Tuesday, April 3, 2012

A Tale of Two C's

It was the best of times, it was the worst of times...  Charles Dickens, A Tale of Two Cities


The truth is that our finest moments are most likely to occur when we are feeling deeply uncomfortable, unhappy, or unfulfilled.  For it is only in such moments, propelled by our discomfort, that we are likely to step our of our ruts and start searching for different ways or truer answers.  
- Unknown
_________________________________________________________________________________
Complexity
The diagnosis of classical autism (which our Little Man has been given) is just one of the many diagnoses that fall under the umbrella of what they call Autism Spectrum Disorders or ASD.  So, Autism is a "spectrum disorder."  What does that even mean?

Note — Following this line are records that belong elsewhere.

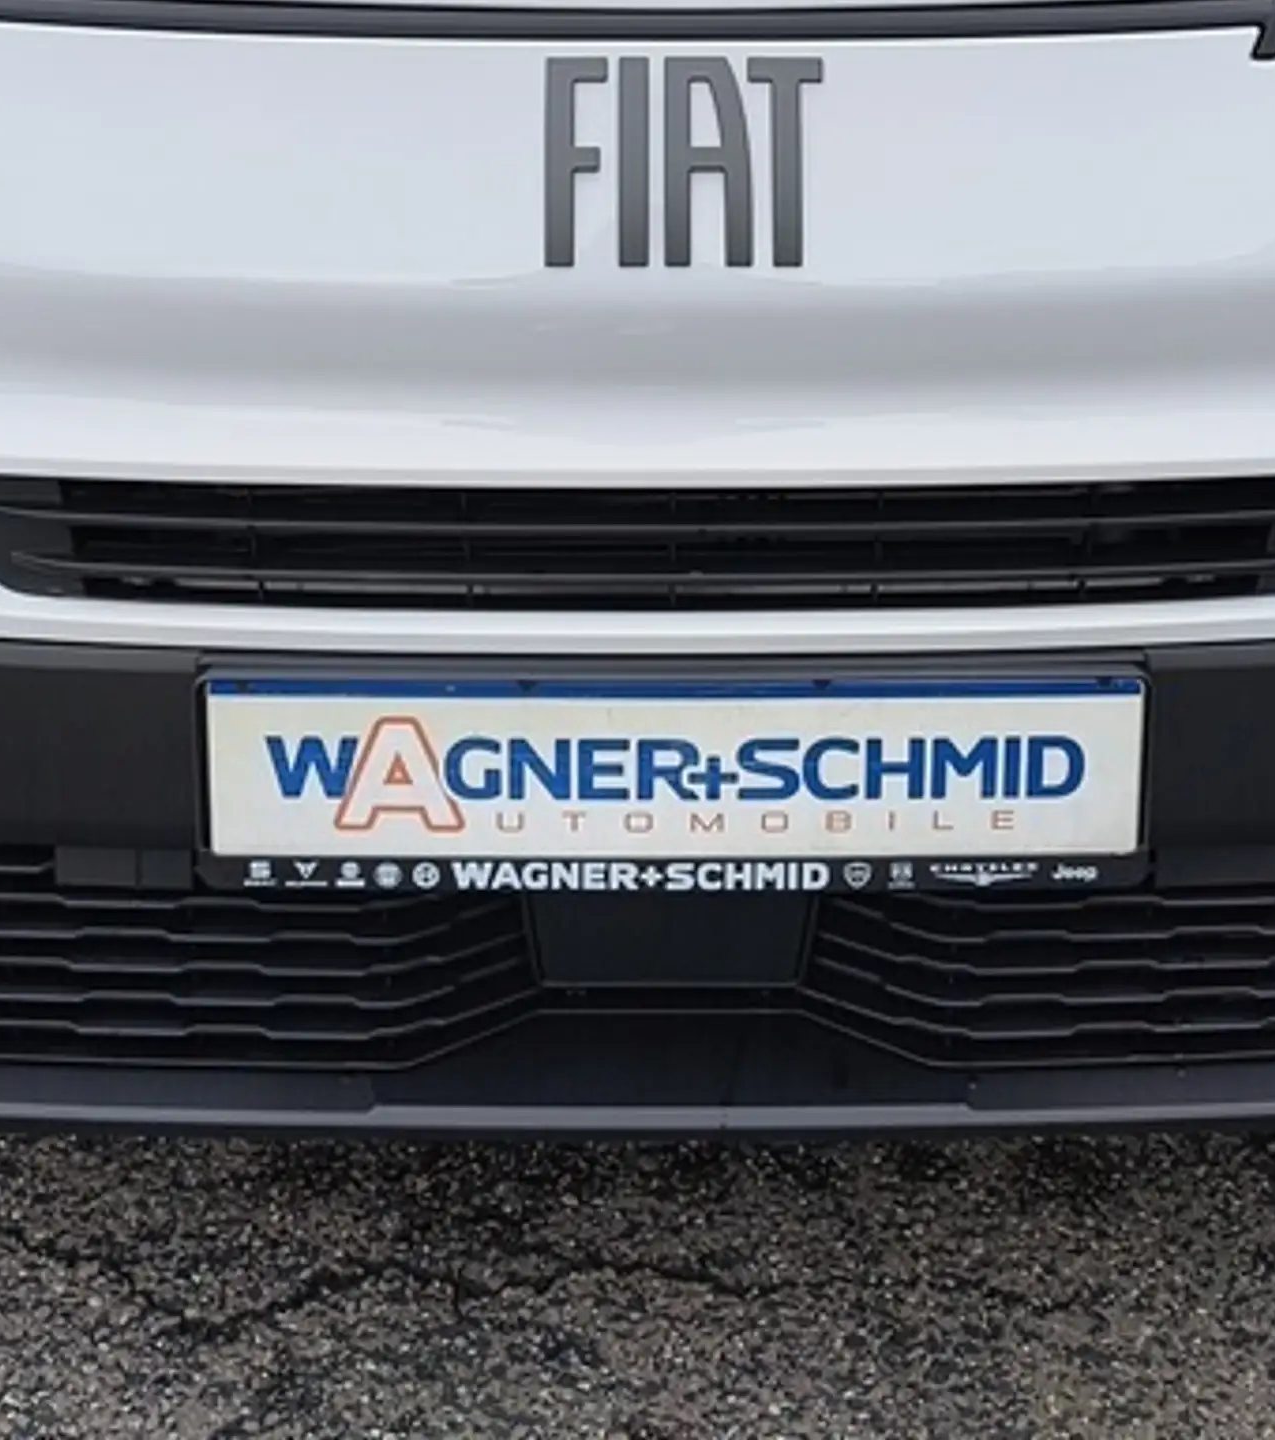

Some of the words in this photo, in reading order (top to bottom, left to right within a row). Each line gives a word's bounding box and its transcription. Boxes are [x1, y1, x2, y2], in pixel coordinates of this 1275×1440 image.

[543, 55, 825, 268] FIAT
[265, 715, 1085, 831] WAGNER+SCHMID
[452, 861, 829, 891] WAGNER+SCHMID
[1051, 863, 1099, 882] Jeep
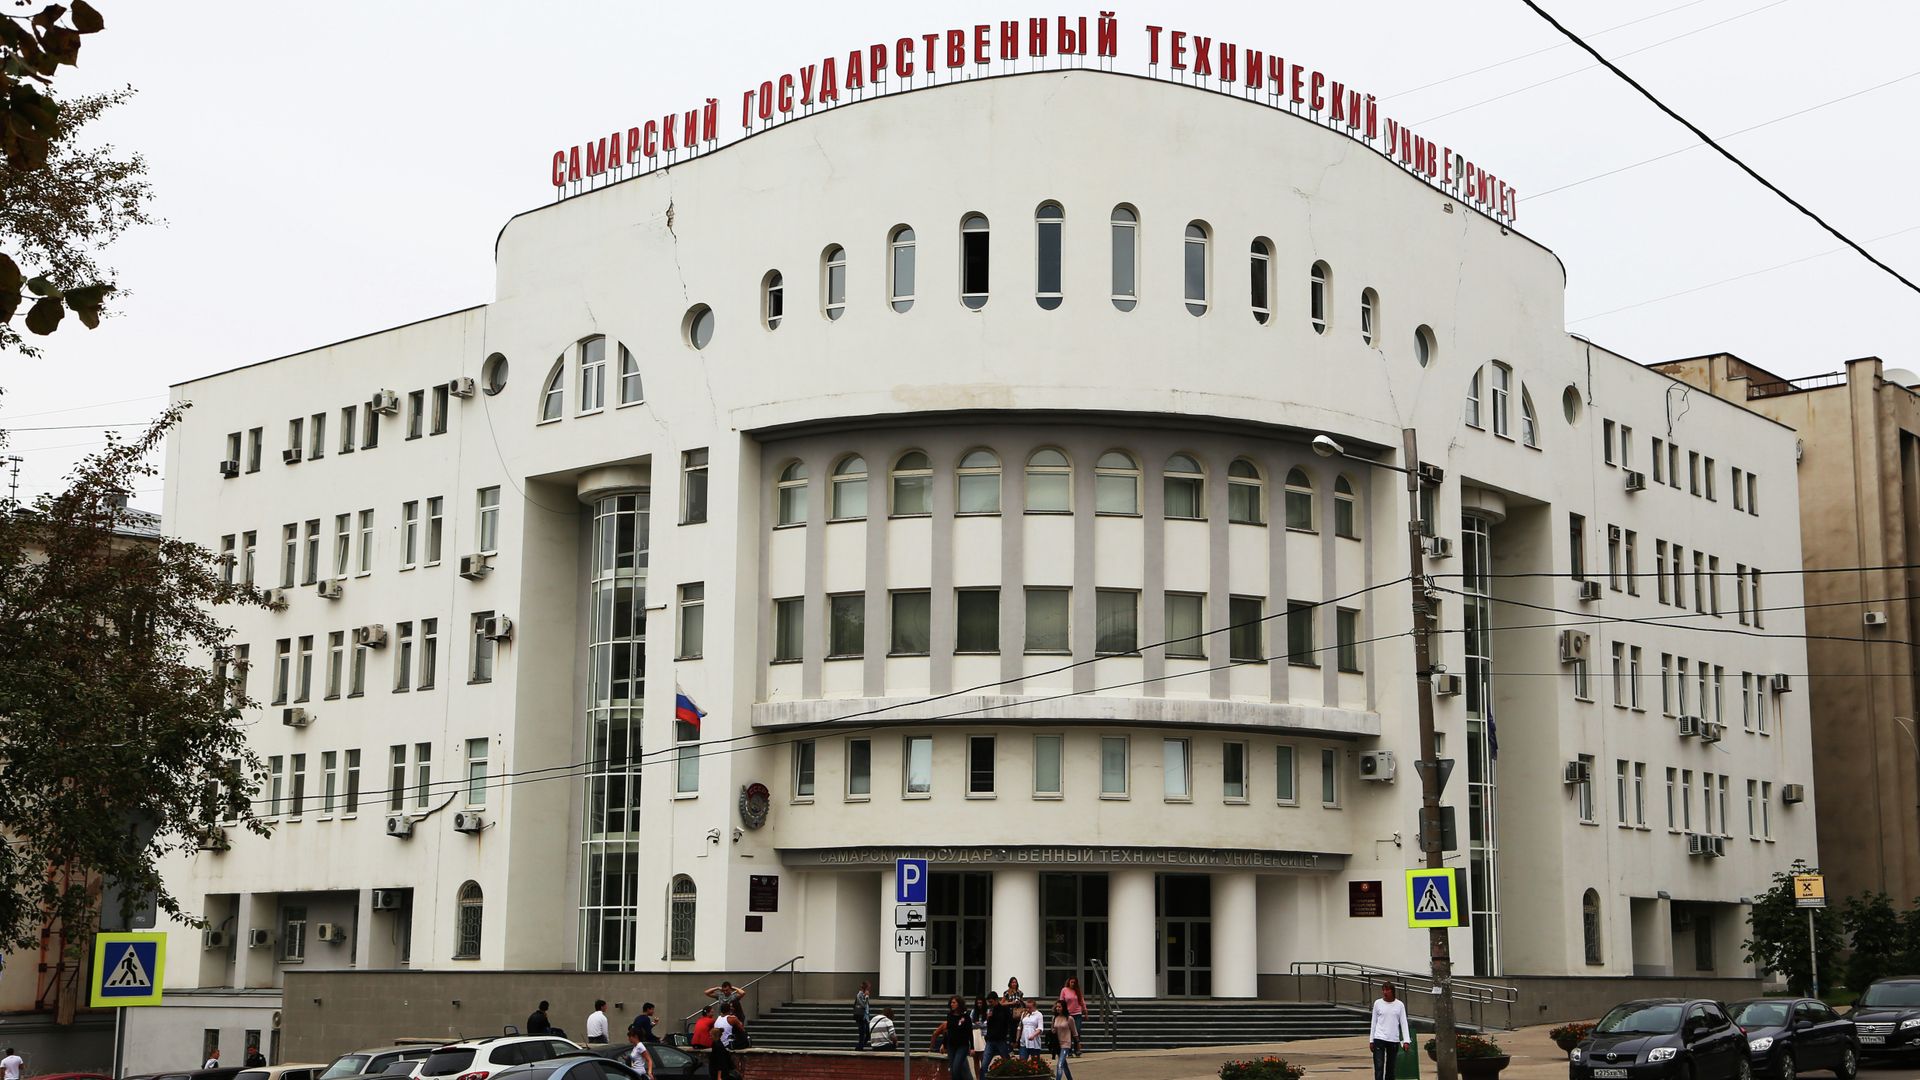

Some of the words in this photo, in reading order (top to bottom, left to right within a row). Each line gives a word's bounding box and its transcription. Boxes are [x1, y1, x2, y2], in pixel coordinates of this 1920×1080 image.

[552, 98, 719, 187] САМАРСКИЙ
[742, 11, 1117, 128] ГОСУДАРСТВЕННЫЙ
[1146, 25, 1377, 140] ТЕХНИЧЕСКИЙ
[1384, 117, 1517, 222] УНИВЕРСИТЕТ
[916, 848, 1094, 863] ОСУДАРТВЕННЫЙ
[1099, 849, 1219, 864] ТЕХНИЧЕСКИЙ
[903, 863, 921, 898] P

As I meet more and more families under this large tent of ASD, and read about more and more families affected by it, I am continually amazed at the almost complete diversity among those with an ASD diagnosis.  There are some who are non-verbal and some who are hyper-verbal.  There are some who are hypo-senstive to this or that and others who are hyper-sensitive to that or this.  And there are even some where ASD is but one set of challenging acronyms the person must deal with (ADD or ADHD or even others) 

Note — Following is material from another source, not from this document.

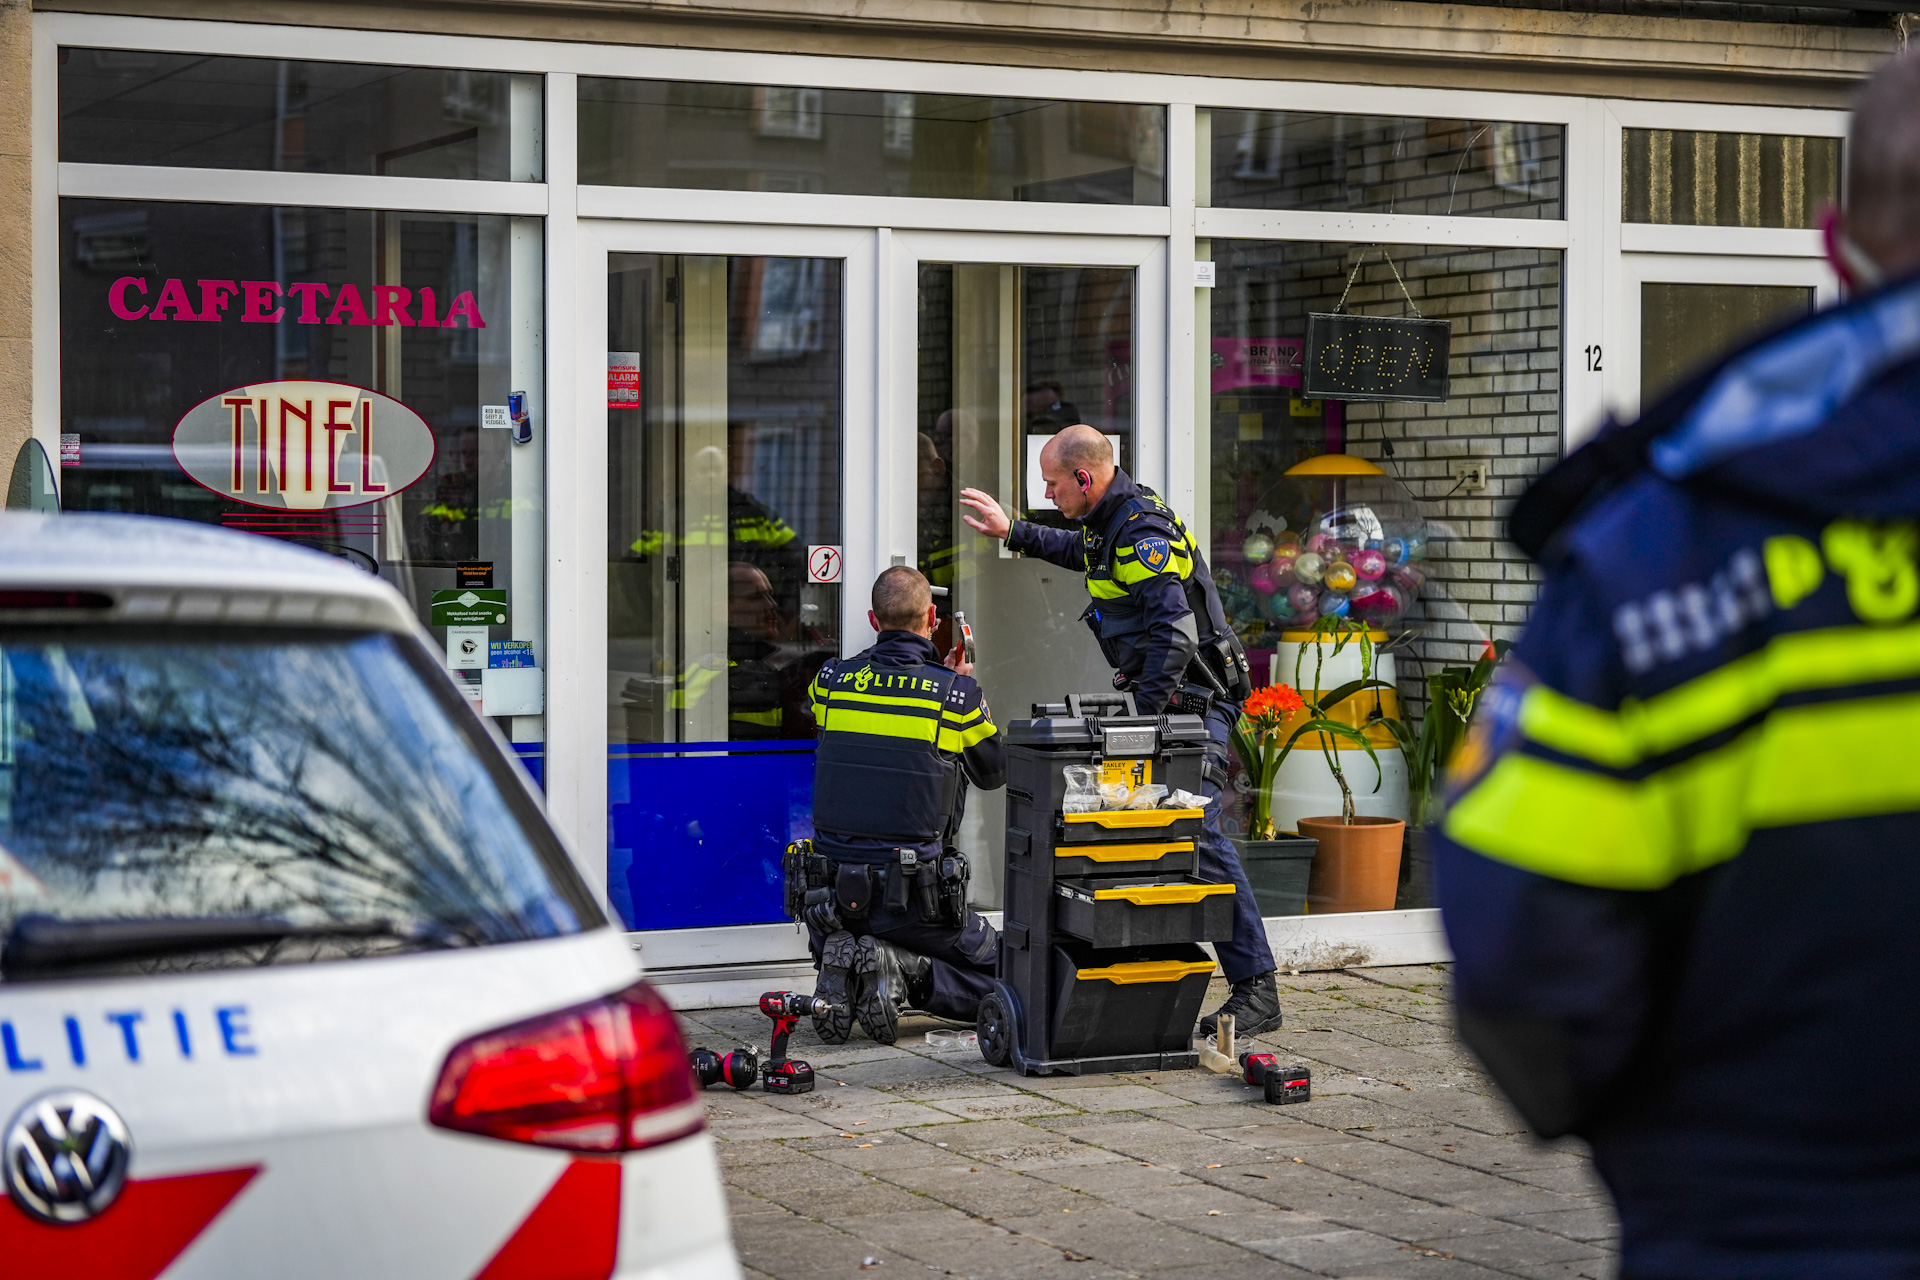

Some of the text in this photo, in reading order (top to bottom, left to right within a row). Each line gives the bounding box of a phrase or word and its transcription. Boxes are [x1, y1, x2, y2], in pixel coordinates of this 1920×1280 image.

The graphic depiction of ASD as a puzzle piece is amazingly apt.  But the puzzle alone does not convey the complexity of ASD. Imagine doing a puzzle where the pieces are given to you one at a time over a period of time-with no rhyme or reason-  (no, you can’t have the outer edges first) and you have no idea what the final picture will look like. 

Now imagine that no one else has the exact same puzzle.

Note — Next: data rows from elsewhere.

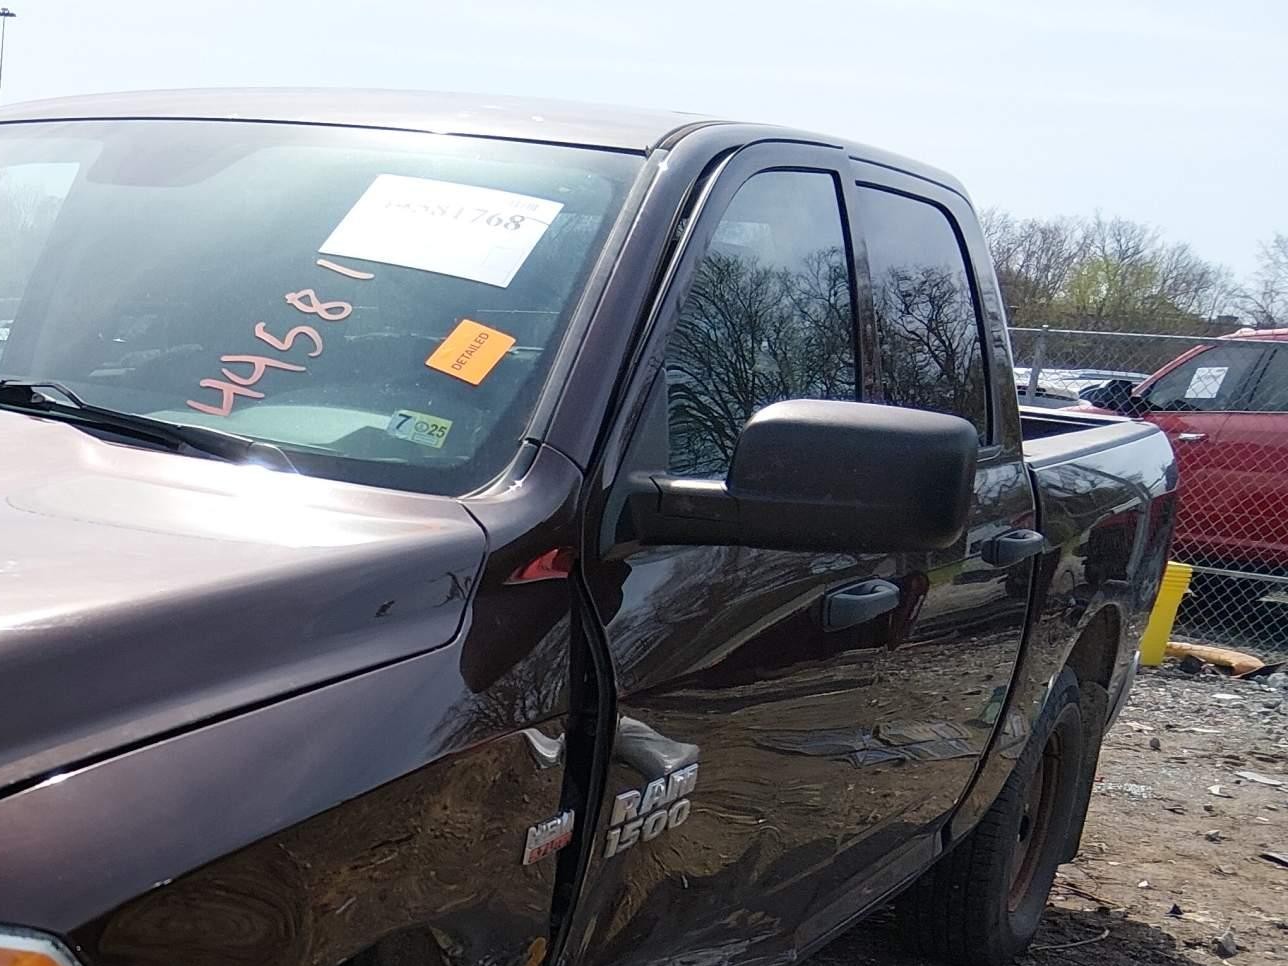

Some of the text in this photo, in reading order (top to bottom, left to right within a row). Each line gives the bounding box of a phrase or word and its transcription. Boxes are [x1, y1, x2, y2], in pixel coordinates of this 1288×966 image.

[187, 259, 375, 417] 44581
[451, 332, 489, 371] DETAILED
[396, 413, 447, 439] 7 25
[611, 763, 699, 826] RAM
[603, 798, 691, 859] 1500

I do not envy any of the truly amazing people who have dedicated a substantial portion of their lives in attempting to help families put their puzzles together.  But, I thank God every day for them!

Yes, ASD is certainly complex.

 Clarity
As if the diversity of those falling on the Autism Spectrum does not make ameliorative efforts complex enough, you can add to that the fact that even at the individual level the severity of the impairments can swing dramatically within the same day. 

For our Little Man, we often discuss his level of “Clarity.”  He ranges from appearing completely disabled – where he is lost in a fog of his body and mind conspiring against him to make him physically uncomfortable and mentally unable to process routine daily activities – to amazingly “with it” where he is in-tune with his surroundings, engaging, effervescent, and, most importantly to my wife and I, happy.   

I love the text messages from my wife when she writes something like… “those beautiful blue eyes are so clear today.”

I am so thankful I live today, where the beauty of modern communication and technology make it possible to read about families like ours around the world who have had some luck in putting their puzzles together and can share ideas to help us achieve more clarity.

6 comments:

  1. I hope you receive many more texts from your wife like that. :)

    ReplyDelete
  2. My wife and I both worked in the mental health field and we also both have a psychiatric diagnosis. We know how tough and unique each person's situation can be. We also know how hard these disorders are for families, especially parents.

    Thanks for sharing your story; your challenges. I hope you get the answers you need and that things improve for you and your family.

    ReplyDelete
    Replies
    1. Thank you, Horst. I hope the same for you and your family!

      Delete
  3. Hold onto those wonderful moments, they'll help you through the tough times.

    My mother works in a Special Ed. classroom for ASD elementary-school children, and I've had the joy of visiting and helping on a few outings. It can be tough, but those moments of clarity and brilliance from the children make it all worth it.

    ReplyDelete
  4. Just stopping by again. I learn a lot reading your posts. Also, I like the quotations at the top of each one.

    ReplyDelete
  5. Hi there. Yes, I know about those days of "clarity". I used to think I had control over them. You know, if I could give him a certain supplement or if I could counteract the pollen index or regulate his sleep in some manner. Learning to just let him "be" from one day to the next was perhaps the biggest step toward peace and progress in our older son (classically autistic) and our family.

    Good luck to you in this A to Z Challenge and with your family.